**WORK REQUIRED**: Exclude all pictures, then copy each of the records exactly as written.

*** LISTED RECORDS

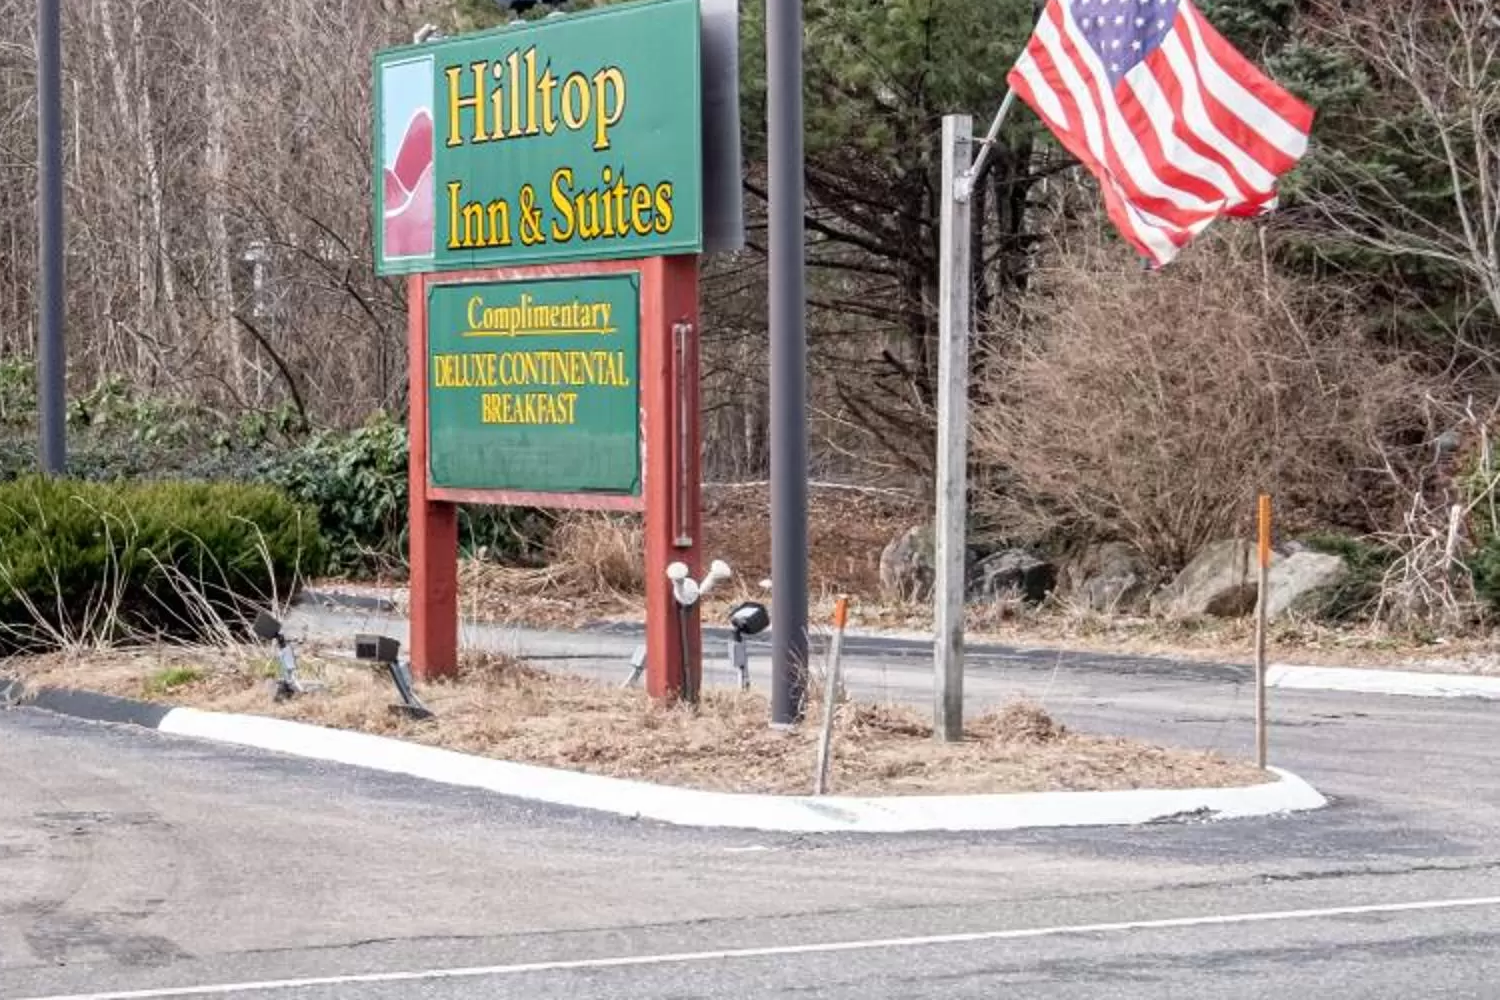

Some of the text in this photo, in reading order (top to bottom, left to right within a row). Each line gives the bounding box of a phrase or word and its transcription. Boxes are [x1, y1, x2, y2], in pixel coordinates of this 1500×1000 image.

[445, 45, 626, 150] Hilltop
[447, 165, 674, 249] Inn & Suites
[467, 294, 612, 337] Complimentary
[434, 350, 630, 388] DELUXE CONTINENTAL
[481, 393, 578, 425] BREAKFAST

******

**RESPONSE BOX**:
Some of the text in this photo, in reading order (top to bottom, left to right within a row). Each line gives the bounding box of a phrase or word and its transcription. Boxes are [x1, y1, x2, y2], in pixel coordinates of this 1500×1000 image.

[445, 45, 626, 150] Hilltop
[447, 165, 674, 249] Inn & Suites
[467, 294, 612, 337] Complimentary
[434, 350, 630, 388] DELUXE CONTINENTAL
[481, 393, 578, 425] BREAKFAST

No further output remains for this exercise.